Interim order sought
- The Applicant did not seek any interim orders.
Final order sought
- The Applicant sought a final order that another independent expert’s report be prepared and that the timetable for the compulsory acquisition be adjusted accordingly.
- BDO made preliminary submissions that the Panel should decline to conduct proceedings.
- It submitted that:
- BDO had complied with section 667C(2). It had undertaken a valuation of “fair value” but had used the terms “fair value” and “fair market value” interchangeably and
- The Technical Specialist Report satisfied paragraph (b) of the undertaking (see paragraph 8(b) above). BDO had engaged the Technical Specialist, the Technical Specialist Report had been prepared in accordance with the VALMIN Code 2015 and JORC Code 2012, and ASIC had been consulted and any issues resolved.
- ASIC made preliminary submissions that, overall, it was satisfied that its concerns regarding the Technical Specialist Report had been addressed.
- ASIC considered that the approach BDO had taken was consistent with ASIC’s regulatory guidance and general market practice.
- A balance must be struck between enabling the overwhelming owner of a company to obtain the (often) substantial benefits of complete ownership and the protection of minority shareholders whose ownership of property is being appropriated.
- An important plank in the protection of minority shareholders is the independent expert’s report.
- There is a mechanism for dealing with concerns regarding (for example) an independent expert’s report. It is section 664E, which entitles a person who holds securities covered by the Compulsory Acquisition Notice (or Revised Compulsory Acquisition Notice) to object and, if 10% or more do so, the majority holder can apply to the Court under section 664F for approval for the compulsory acquisition to go ahead. Accordingly, there is a venue to ventilate a dispute. That mechanism would be open in this matter, if enough objectors were to join the Applicant.3
- Section 657A(2)(c) covers circumstances that are:
“unacceptable because they:
(i) constituted, constitute, will constitute or are likely to constitute a contravention of a provision of this Chapter or of Chapter 6A, 6B or 6C; or
(ii) gave or give rise to, or will or are likely to give rise to, a contravention of a provision of this Chapter or of Chapter 6A, 6B or 6C.”
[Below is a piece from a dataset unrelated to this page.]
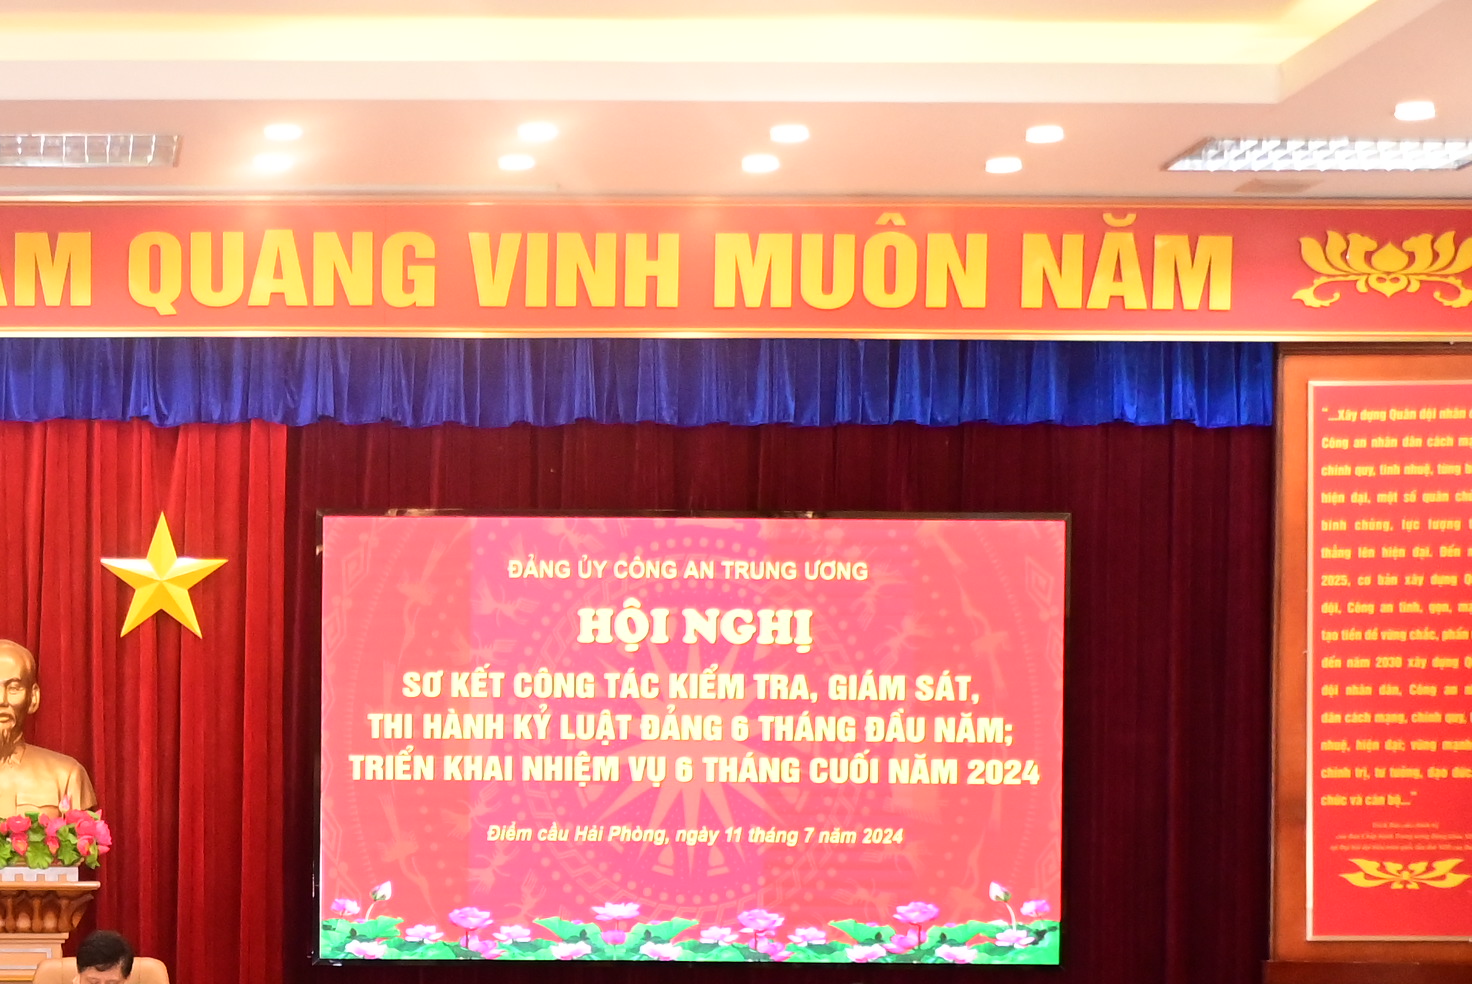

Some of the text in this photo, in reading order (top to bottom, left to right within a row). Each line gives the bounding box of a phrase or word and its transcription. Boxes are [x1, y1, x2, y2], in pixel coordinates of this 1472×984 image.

- In this matter, the Applicant alleges an “ongoing contravention of section 667C(2) and a contravention of section 667C(1)(a)”. These sections are in Chapter 6A.
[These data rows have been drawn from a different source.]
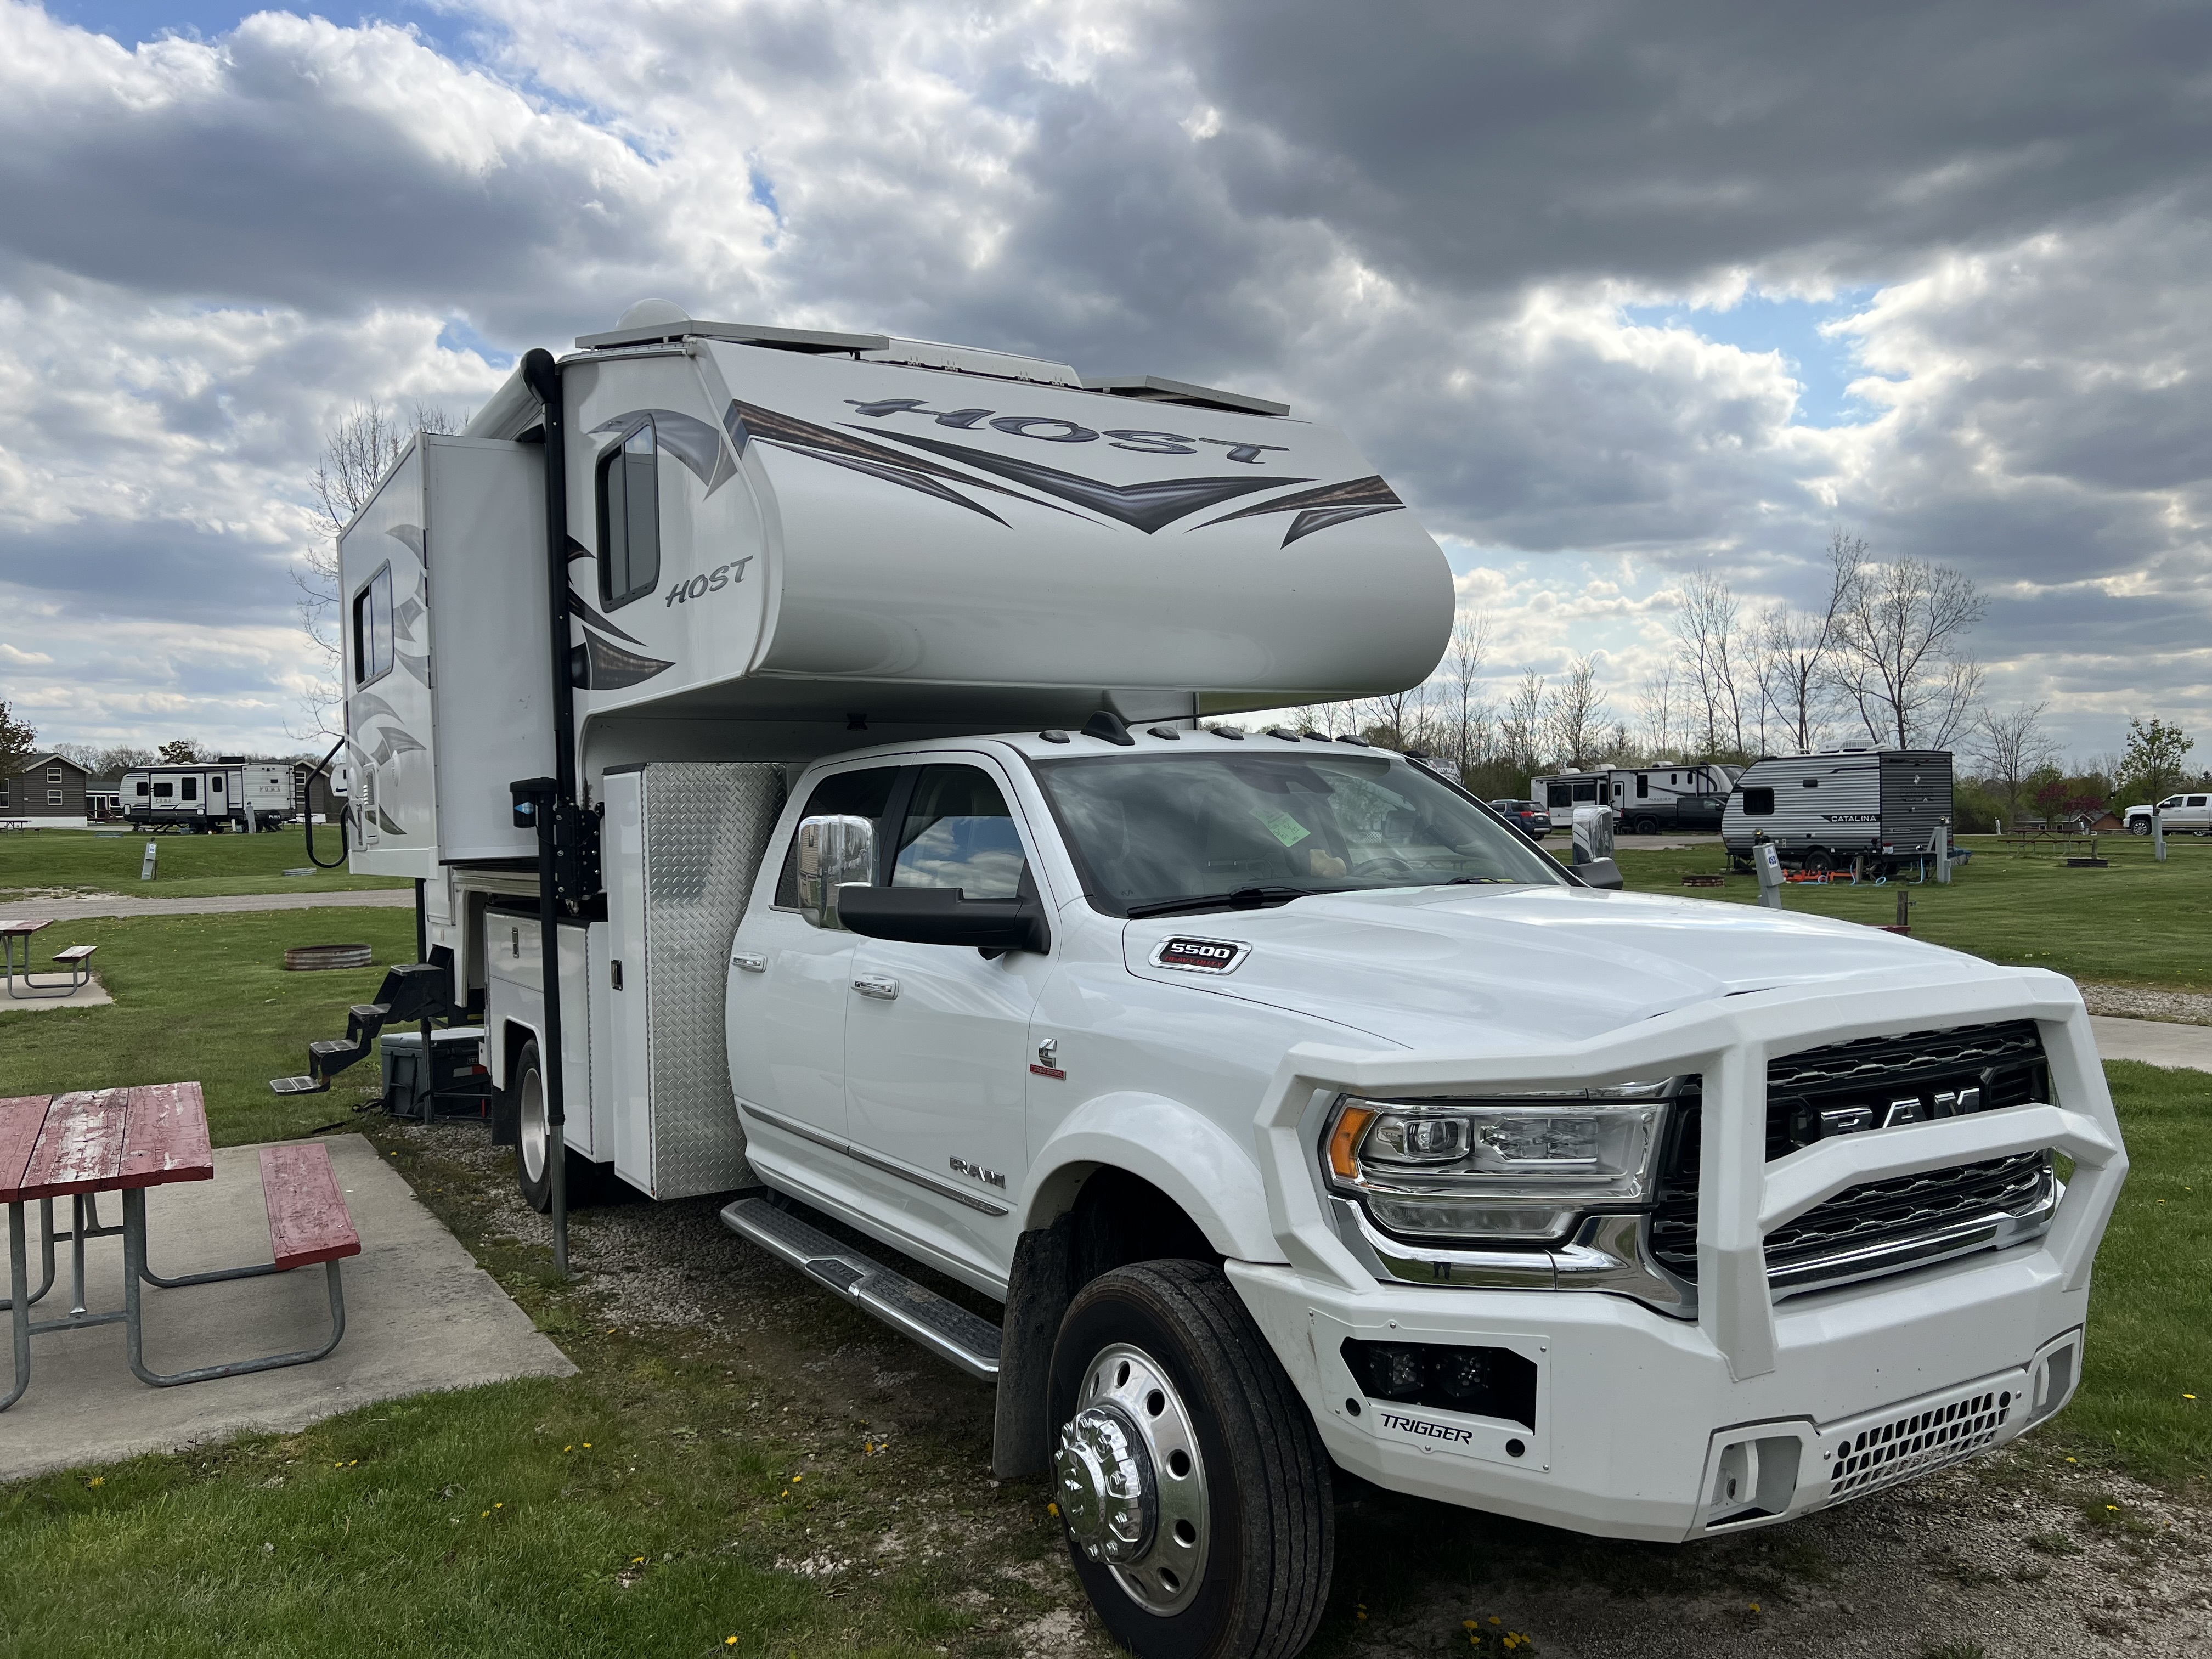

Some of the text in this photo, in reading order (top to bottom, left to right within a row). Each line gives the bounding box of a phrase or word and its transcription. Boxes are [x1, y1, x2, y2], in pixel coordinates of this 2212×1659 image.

[843, 398, 1290, 464] HOST
[665, 555, 753, 607] HOST
[1768, 855, 1776, 865] 453
[1164, 956, 1225, 967] HEAVY DUTY
[1170, 943, 1231, 959] 5500
[1031, 1065, 1063, 1077] TURBO DIESEL
[1820, 1087, 1980, 1138] RAM
[949, 1155, 1006, 1189] RAM
[952, 1191, 993, 1213] LIMITED
[821, 1260, 859, 1279] RAM
[1380, 1413, 1472, 1445] TRIGGER
- Section 667C sets out how to determine what is fair value for securities for the purposes of Chapter 6A. The first step is to assess the value of the company as a whole (section 667C(1)(a)), which the Applicant alleges has been contravened. Section 667C(2) expands on what is meant by ‘fair value,’ by requiring that “the consideration (if any) paid for securities in that class within the previous 6 months must be taken into account.” The Applicant alleges an “ongoing” contravention of this provision.
- The Applicant, however, founds the application on sections 657A(2)(a)(i) (effect on control) and 657A(2)(b) (section 602 principles). Rather than taking a technical point, we have assumed that we have jurisdiction for this purpose and looked at the merits of the matter. For the reasons below, we decline to conduct proceedings.
- In our view, it is clear enough that BDO and the Technical Specialist have turned their minds to the relevant considerations, and ASIC has been engaged. The information concerns that the Panel had in Wollongong Coal Limited 02 are sufficiently addressed in the Revised Independent Expert’s Report provided pursuant to BDO’s undertaking, and in our opinion, shareholders have now been provided with enough information to form a view about the proposed compulsory acquisition.
- It is not for us to determine ‘fair value’, and it is by no means clear that it has been done incorrectly. Indeed, the Applicant says in the application “The fact that BDO has explained what they have done does not mean that they have complied with [the undertaking].” We do not agree with the Applicant.
- There may be some language differences (and one minor error conceded in the preliminary submission on behalf of BDO), but we are not satisfied that the reports are non-compliant.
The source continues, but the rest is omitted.